- _EXCERPTED RECORDS_:
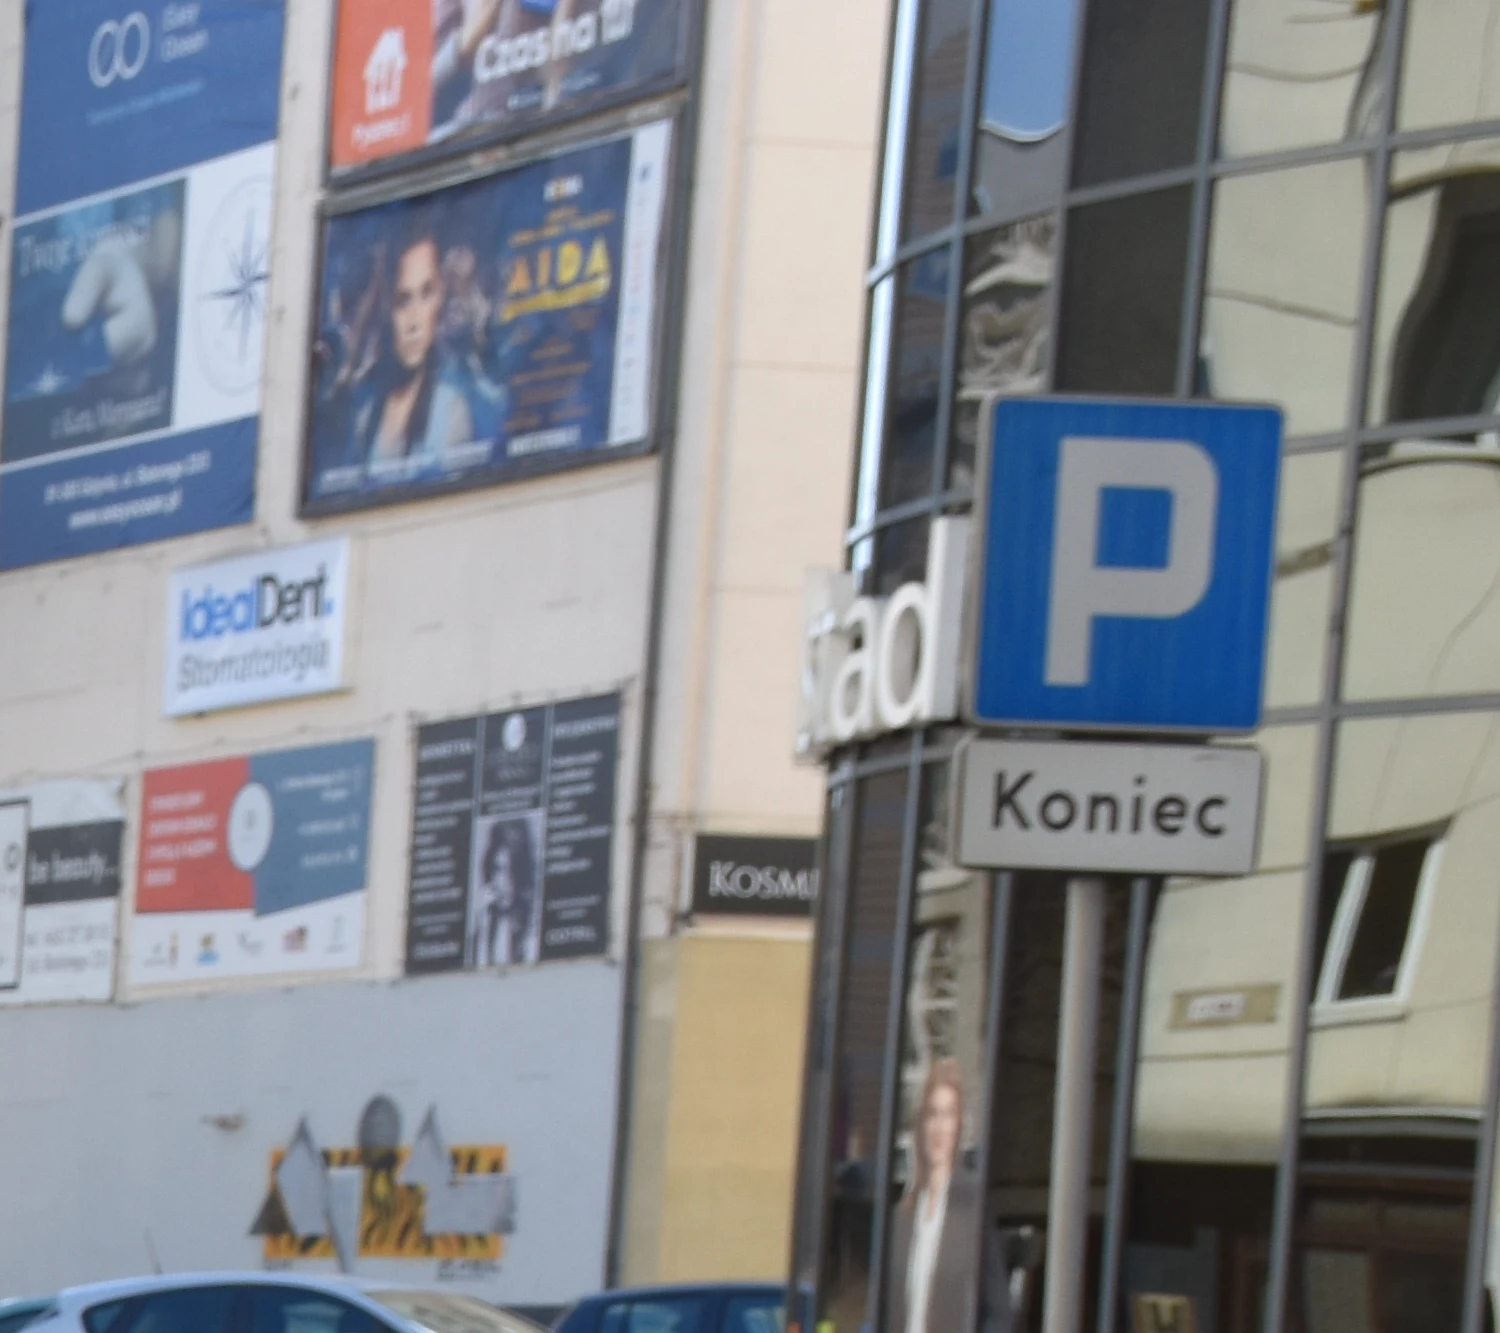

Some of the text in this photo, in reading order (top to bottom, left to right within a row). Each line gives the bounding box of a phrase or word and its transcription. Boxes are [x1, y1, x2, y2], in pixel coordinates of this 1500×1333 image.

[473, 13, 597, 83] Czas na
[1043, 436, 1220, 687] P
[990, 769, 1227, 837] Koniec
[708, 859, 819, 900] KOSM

- _TASK STATEMENT_:
Everything in the entries must come back exactly, except the pictures.

- _RESULT_:
Some of the text in this photo, in reading order (top to bottom, left to right within a row). Each line gives the bounding box of a phrase or word and its transcription. Boxes are [x1, y1, x2, y2], in pixel coordinates of this 1500×1333 image.

[473, 13, 597, 83] Czas na
[1043, 436, 1220, 687] P
[990, 769, 1227, 837] Koniec
[708, 859, 819, 900] KOSM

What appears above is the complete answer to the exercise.